**What is expected:** Repeat each entry as written and leave the images out of the copy.

**Extracted records:**
__________
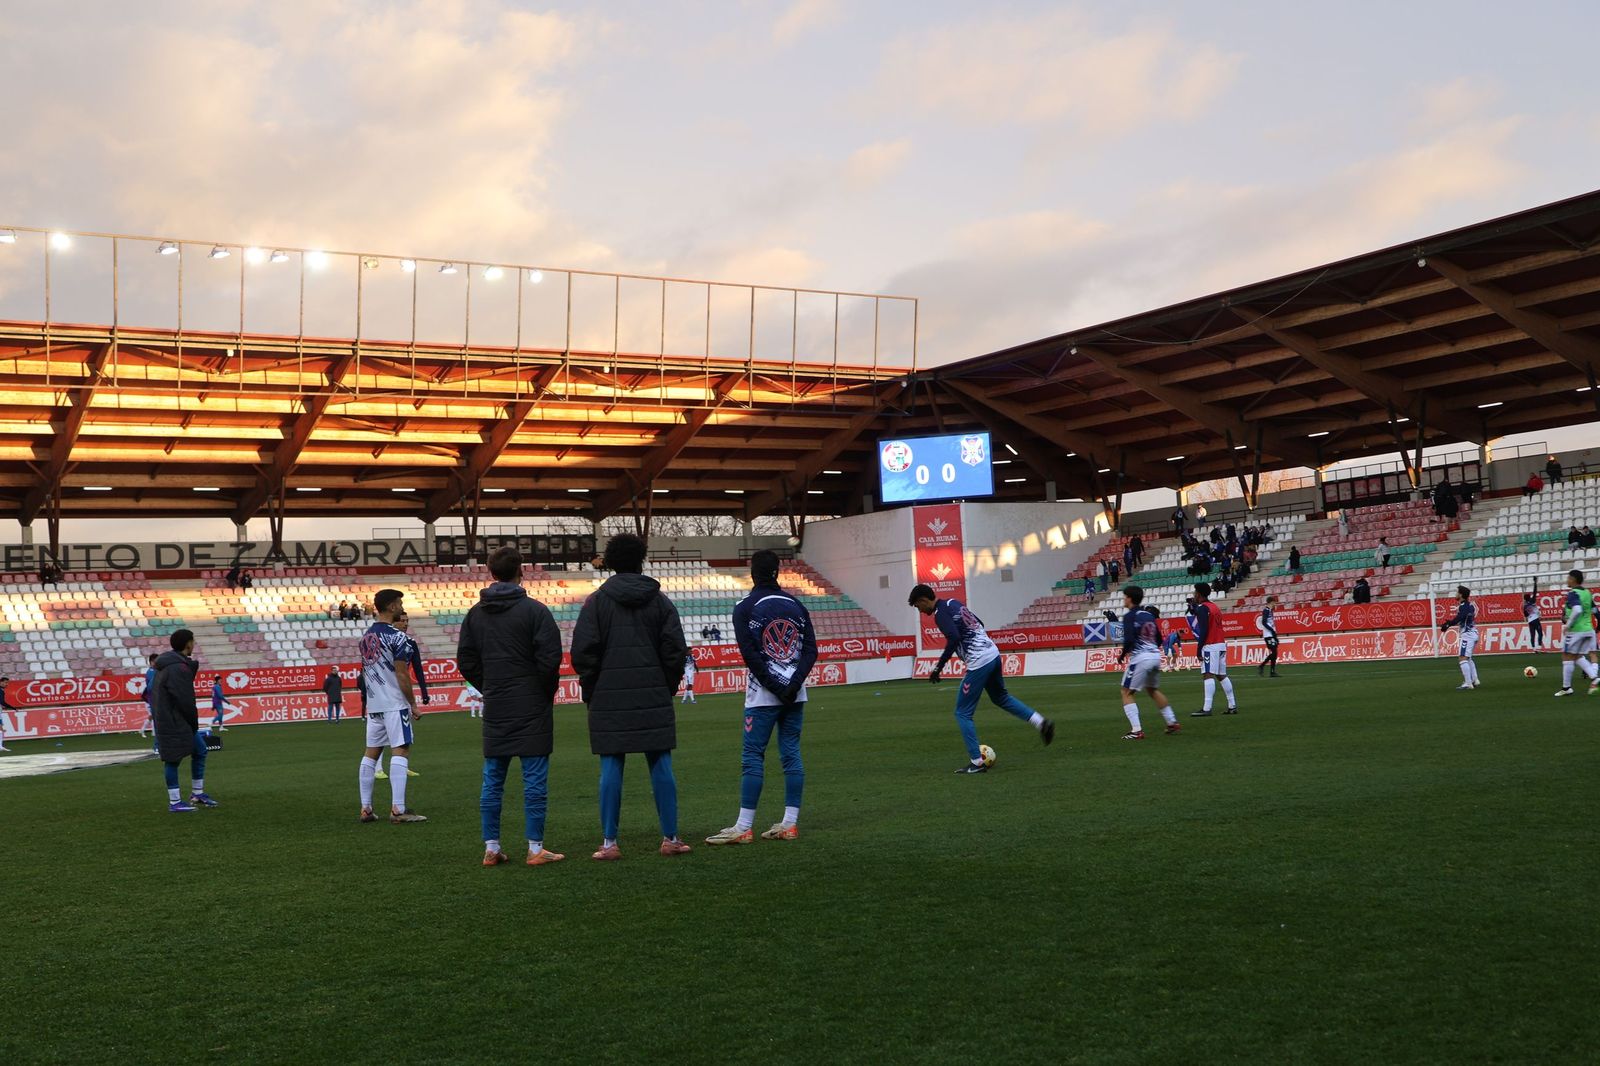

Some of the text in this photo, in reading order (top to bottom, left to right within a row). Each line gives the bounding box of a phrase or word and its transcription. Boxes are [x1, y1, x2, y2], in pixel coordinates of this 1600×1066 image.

[916, 463, 955, 485] 0 0
[155, 543, 215, 569] DE
[229, 541, 423, 567] ZAMORA
[1042, 633, 1050, 641] DÍA
[1058, 632, 1082, 640] ZAMORA
[1350, 636, 1385, 646] CLÍNICA
[866, 639, 914, 654] Melquiades
[1106, 648, 1123, 657] OND
[1313, 636, 1347, 660] Ápex
[1350, 645, 1384, 656] DENTAL
[691, 648, 715, 660] ORA
[250, 668, 315, 676] ORTOPEDIA
[250, 675, 316, 685] tres cruces
[711, 672, 724, 688] La
[26, 677, 110, 697] CarDiZa
[26, 695, 69, 703] EMBUTIDOS
[77, 692, 111, 700] JAMONES
[259, 695, 346, 707] CLÍNICA DENL
[59, 705, 124, 721] TERNERA
[260, 706, 288, 721] JOSÉ
[292, 707, 308, 719] DE
__________
**Result below:**
Some of the text in this photo, in reading order (top to bottom, left to right within a row). Each line gives the bounding box of a phrase or word and its transcription. Boxes are [x1, y1, x2, y2], in pixel coordinates of this 1600×1066 image.

[916, 463, 955, 485] 0 0
[155, 543, 215, 569] DE
[229, 541, 423, 567] ZAMORA
[1042, 633, 1050, 641] DÍA
[1058, 632, 1082, 640] ZAMORA
[1350, 636, 1385, 646] CLÍNICA
[866, 639, 914, 654] Melquiades
[1106, 648, 1123, 657] OND
[1313, 636, 1347, 660] Ápex
[1350, 645, 1384, 656] DENTAL
[691, 648, 715, 660] ORA
[250, 668, 315, 676] ORTOPEDIA
[250, 675, 316, 685] tres cruces
[711, 672, 724, 688] La
[26, 677, 110, 697] CarDiZa
[26, 695, 69, 703] EMBUTIDOS
[77, 692, 111, 700] JAMONES
[259, 695, 346, 707] CLÍNICA DENL
[59, 705, 124, 721] TERNERA
[260, 706, 288, 721] JOSÉ
[292, 707, 308, 719] DE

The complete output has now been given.